--- START ---

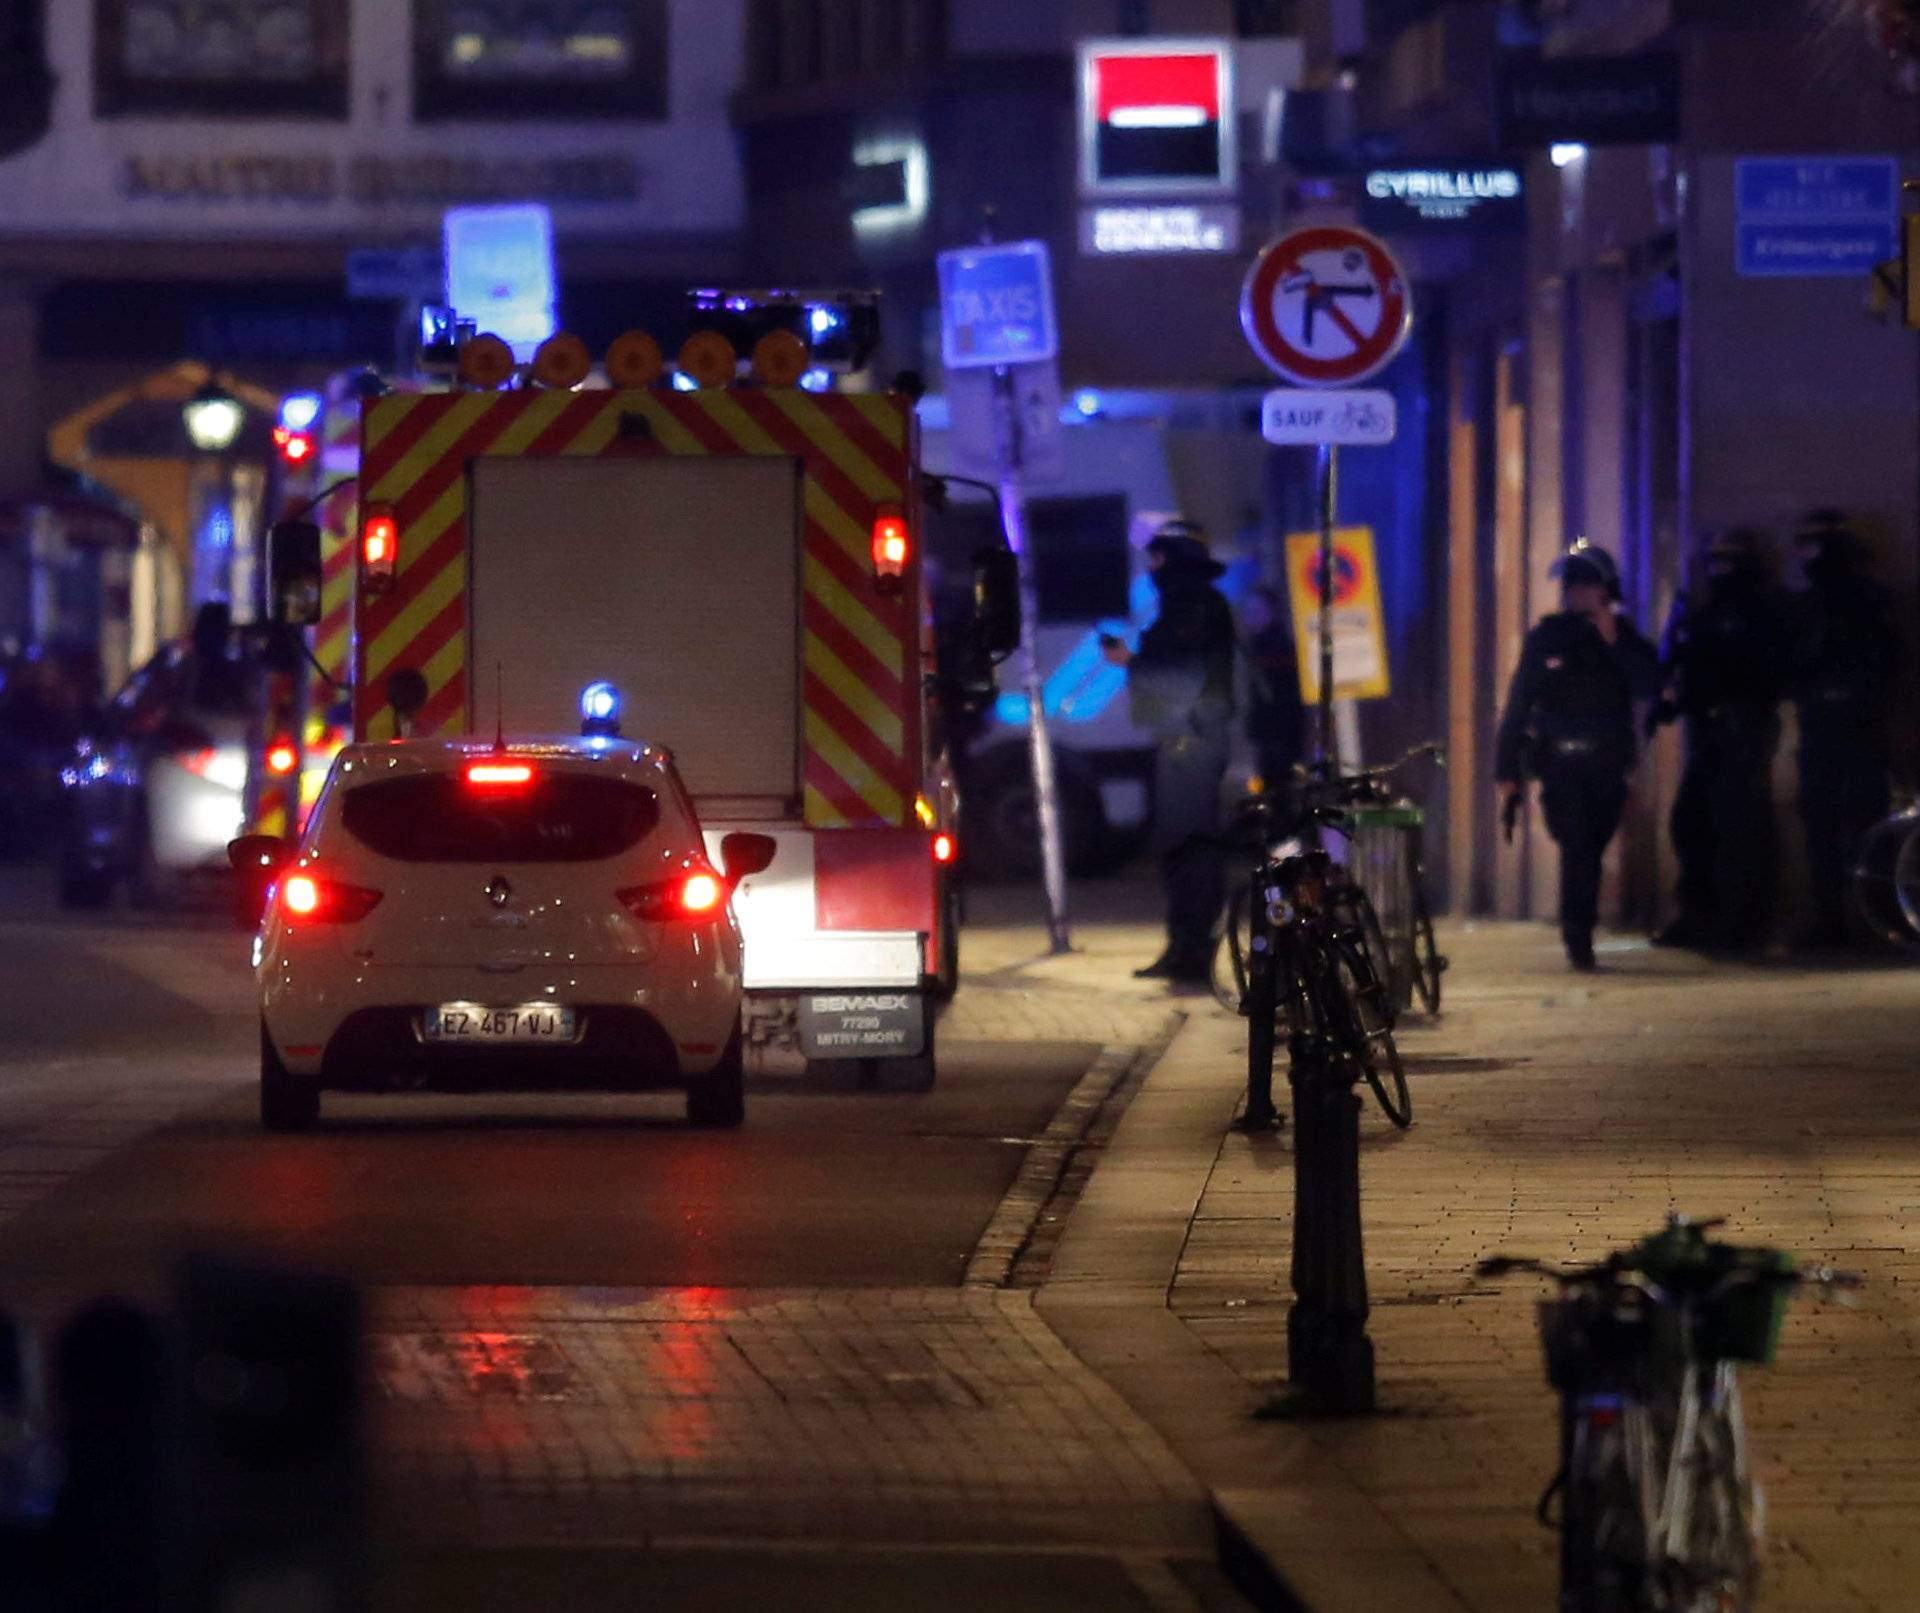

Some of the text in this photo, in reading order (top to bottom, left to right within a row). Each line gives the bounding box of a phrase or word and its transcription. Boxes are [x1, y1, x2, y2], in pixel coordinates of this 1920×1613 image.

[1366, 171, 1518, 198] CYRILLUS
[949, 285, 1037, 323] TAXIS
[1272, 409, 1323, 426] SAUF
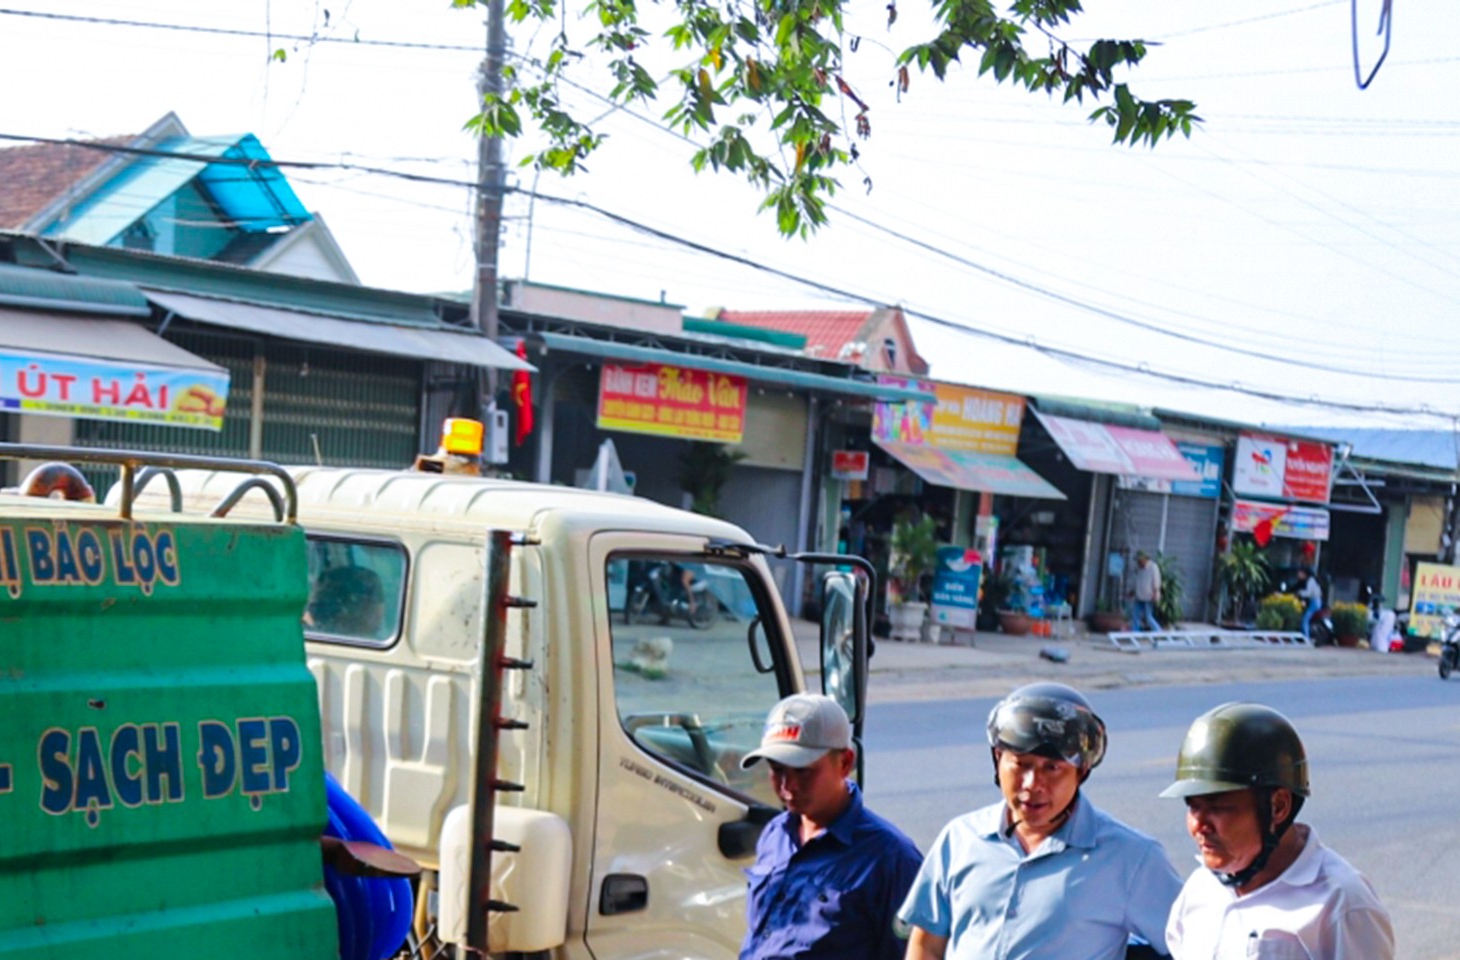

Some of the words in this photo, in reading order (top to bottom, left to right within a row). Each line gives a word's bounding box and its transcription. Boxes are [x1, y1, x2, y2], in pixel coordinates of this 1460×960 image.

[17, 364, 77, 401] ÚT
[92, 372, 169, 411] HẢI
[108, 519, 181, 596] LỘC
[38, 721, 185, 828] SẠCH
[197, 715, 301, 811] ĐẸP
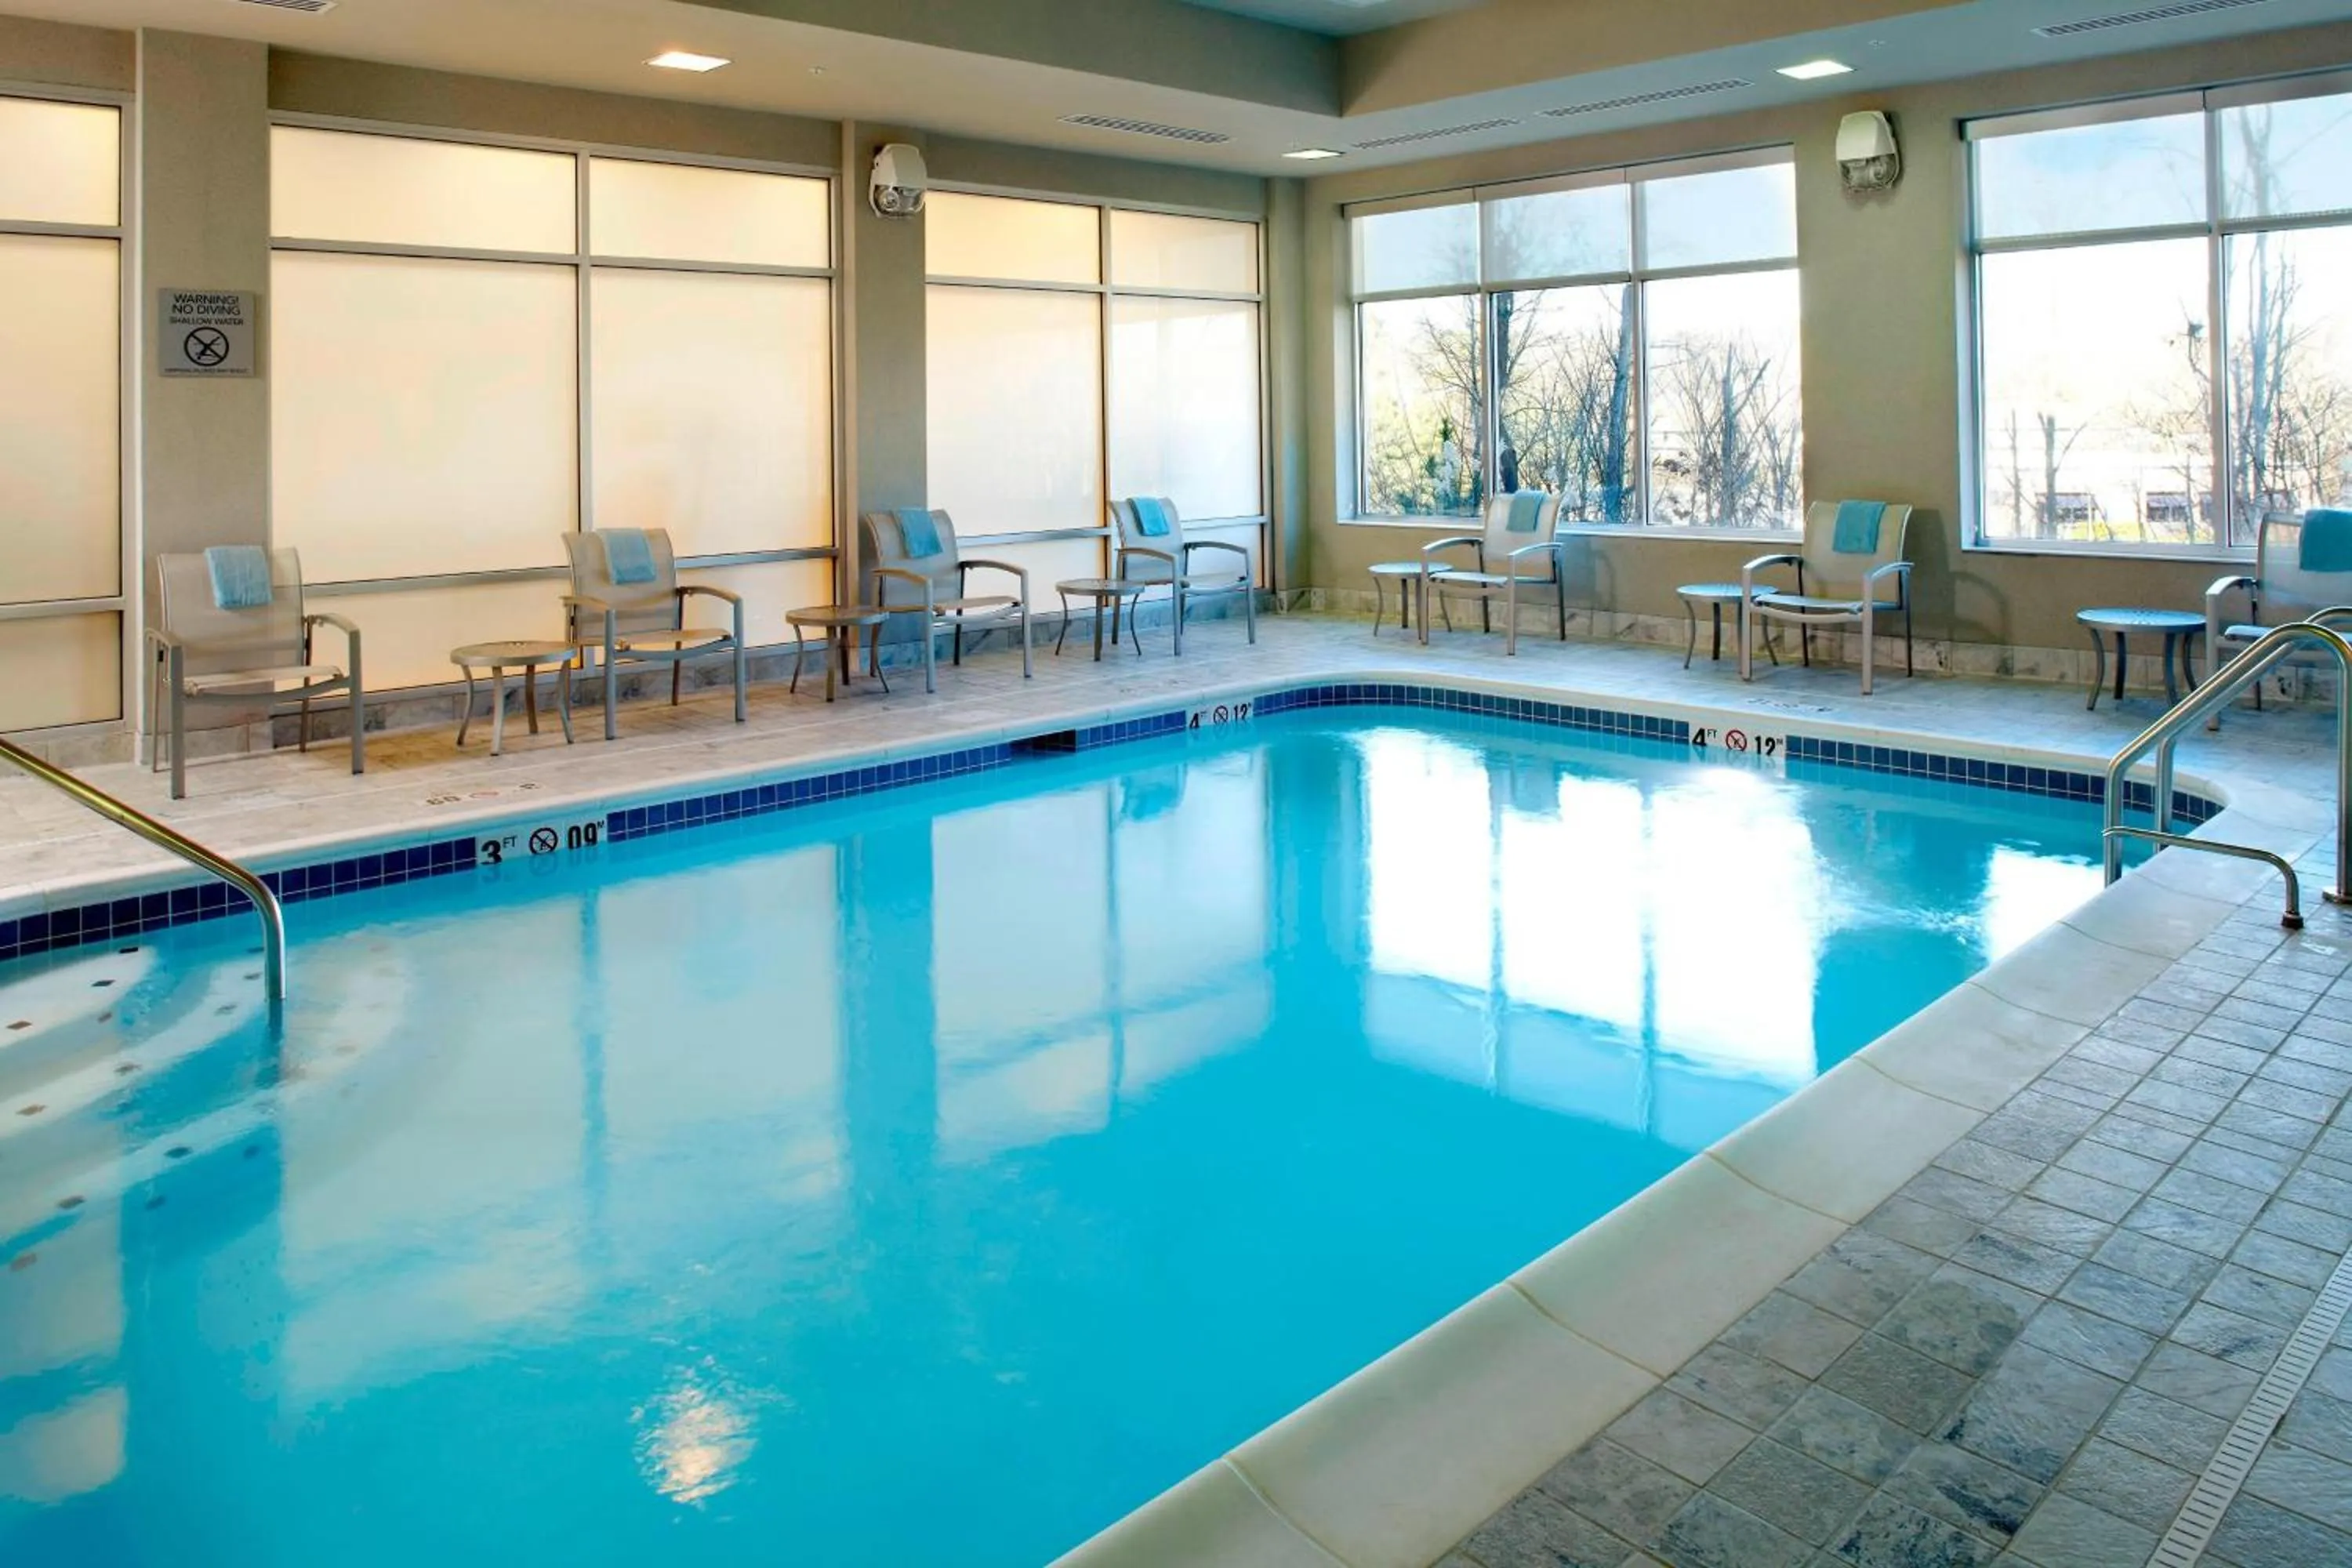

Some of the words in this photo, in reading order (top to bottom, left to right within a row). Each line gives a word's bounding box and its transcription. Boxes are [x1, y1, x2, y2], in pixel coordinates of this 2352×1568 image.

[173, 293, 239, 304] WARNING!
[172, 304, 194, 314] NO
[197, 304, 241, 315] DIVING
[169, 316, 212, 325] SHALLOW
[214, 317, 244, 325] WATER

--- END ---

In the copy, include exactly the lines from the one with "this 1460×960 image." through the final line of the entries above, both ends counted, and no pictures.

Some of the words in this photo, in reading order (top to bottom, left to right within a row). Each line gives a word's bounding box and its transcription. Boxes are [x1, y1, x2, y2], in pixel coordinates of this 1460×960 image.

[17, 364, 77, 401] ÚT
[92, 372, 169, 411] HẢI
[108, 519, 181, 596] LỘC
[38, 721, 185, 828] SẠCH
[197, 715, 301, 811] ĐẸP

Some of the words in this photo, in reading order (top to bottom, left to right within a row). Each line gives a word's bounding box and its transcription. Boxes are [x1, y1, x2, y2], in pixel coordinates of this 2352×1568 image.

[173, 293, 239, 304] WARNING!
[172, 304, 194, 314] NO
[197, 304, 241, 315] DIVING
[169, 316, 212, 325] SHALLOW
[214, 317, 244, 325] WATER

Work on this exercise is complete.